INFO: this script is being run using rcognita (v0.1.2) located in cloned repository at '/Users/elijah/Documents/edu-2022-safeAI/assignments/asgn-1/rcognita'. If you are willing to use your locally installed rcognita, run this script ('main_3wrobot_NI.ipynb') outside 'rcognita/presets'.
The autoreload extension is already loaded. To reload it, use:
  %reload_ext autoreload


Setting configuration and arguments

In [56]:
dim_state = 3
dim_input = 2
dim_output = dim_state
dim_disturb = 0

dim_R1 = dim_output + dim_input
dim_R2 = dim_R1

args = parser.parse_args(["--is_visualization", "True"])

if not isinstance(args.state_init[0], int):
    for k in range(len(args.state_init)):
        args.state_init[k] = eval( args.state_init[k].replace('pi', str(np.pi)) )

args.state_init = np.array(args.state_init)
args.action_manual = np.array(args.action_manual)

pred_step_size = args.dt * args.pred_step_size_multiplier
model_est_period = args.dt * args.model_est_period_multiplier
critic_period = args.dt * args.critic_period_multiplier

R1 = np.diag(np.array(args.R1_diag))
R2 = np.diag(np.array(args.R2_diag))

assert args.t1 > args.dt > 0.0
assert args.state_init.size == dim_state

globals().update(vars(args))

In [57]:
is_disturb = 0
is_dyn_ctrl = 0

t0 = 0

action_init = 0 * np.ones(dim_input)

# Solver
atol = 1e-5
rtol = 1e-3

# xy-plane
xMin = -10
xMax = 10
yMin = -10
yMax = 10

# Model estimator stores models in a stack and recall the best of model_est_checks
model_est_checks = 0

# Control constraints
v_min = -25
v_max = 25
omega_min = -5
omega_max = 5
ctrl_bnds=np.array([[v_min, v_max], [omega_min, omega_max]])
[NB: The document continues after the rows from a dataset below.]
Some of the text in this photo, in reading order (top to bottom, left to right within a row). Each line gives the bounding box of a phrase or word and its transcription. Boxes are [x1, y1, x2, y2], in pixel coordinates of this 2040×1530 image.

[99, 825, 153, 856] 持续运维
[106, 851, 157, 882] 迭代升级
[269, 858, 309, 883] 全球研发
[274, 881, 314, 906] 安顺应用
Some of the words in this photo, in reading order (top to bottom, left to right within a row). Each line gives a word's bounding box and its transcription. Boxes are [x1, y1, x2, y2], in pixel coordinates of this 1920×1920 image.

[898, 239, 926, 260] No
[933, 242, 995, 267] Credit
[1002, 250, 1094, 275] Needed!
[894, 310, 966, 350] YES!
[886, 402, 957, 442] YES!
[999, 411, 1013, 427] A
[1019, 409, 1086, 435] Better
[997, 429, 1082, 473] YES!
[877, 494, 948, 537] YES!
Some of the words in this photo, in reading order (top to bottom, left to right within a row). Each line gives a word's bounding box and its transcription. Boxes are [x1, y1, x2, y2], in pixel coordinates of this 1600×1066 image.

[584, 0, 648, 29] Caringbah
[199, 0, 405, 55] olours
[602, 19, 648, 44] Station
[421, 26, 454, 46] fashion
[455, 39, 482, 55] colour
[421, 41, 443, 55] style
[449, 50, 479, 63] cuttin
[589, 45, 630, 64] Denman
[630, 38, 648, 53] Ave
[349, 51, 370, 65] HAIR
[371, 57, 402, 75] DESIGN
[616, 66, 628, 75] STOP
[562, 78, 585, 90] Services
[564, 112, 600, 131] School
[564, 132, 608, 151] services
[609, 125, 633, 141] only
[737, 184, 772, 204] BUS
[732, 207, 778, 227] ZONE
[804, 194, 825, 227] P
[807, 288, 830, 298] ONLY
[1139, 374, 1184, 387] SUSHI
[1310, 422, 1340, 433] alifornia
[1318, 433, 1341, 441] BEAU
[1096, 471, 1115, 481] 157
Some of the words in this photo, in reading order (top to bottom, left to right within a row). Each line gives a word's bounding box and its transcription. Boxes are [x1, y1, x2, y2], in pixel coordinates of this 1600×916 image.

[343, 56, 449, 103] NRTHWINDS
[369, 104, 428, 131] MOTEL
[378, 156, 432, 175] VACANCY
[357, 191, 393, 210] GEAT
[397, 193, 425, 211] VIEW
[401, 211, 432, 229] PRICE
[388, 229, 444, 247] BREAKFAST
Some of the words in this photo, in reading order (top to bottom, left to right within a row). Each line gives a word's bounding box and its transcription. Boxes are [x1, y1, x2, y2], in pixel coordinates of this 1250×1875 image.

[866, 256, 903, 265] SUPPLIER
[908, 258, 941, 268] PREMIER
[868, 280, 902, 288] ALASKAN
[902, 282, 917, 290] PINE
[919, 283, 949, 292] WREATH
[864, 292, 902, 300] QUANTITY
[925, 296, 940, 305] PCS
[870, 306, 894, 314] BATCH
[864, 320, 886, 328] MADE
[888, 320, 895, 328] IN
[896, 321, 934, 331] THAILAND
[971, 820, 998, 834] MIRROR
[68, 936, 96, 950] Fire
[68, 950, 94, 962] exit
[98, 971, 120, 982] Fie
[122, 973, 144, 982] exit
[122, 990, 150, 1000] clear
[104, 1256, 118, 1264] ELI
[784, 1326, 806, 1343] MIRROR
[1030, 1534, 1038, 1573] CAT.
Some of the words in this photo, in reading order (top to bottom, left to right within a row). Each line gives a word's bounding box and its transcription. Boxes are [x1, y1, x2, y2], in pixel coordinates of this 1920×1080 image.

Defining system, controller and simulator. Dumping parameters

In [58]:
my_sys = systems.Sys3WRobotNI(sys_type="diff_eqn",
                                     dim_state=dim_state,
                                     dim_input=dim_input,
                                     dim_output=dim_output,
                                     dim_disturb=dim_disturb,
                                     pars=[],
                                     ctrl_bnds=ctrl_bnds,
                                     is_dyn_ctrl=is_dyn_ctrl,
                                     is_disturb=is_disturb,
                                     pars_disturb=[])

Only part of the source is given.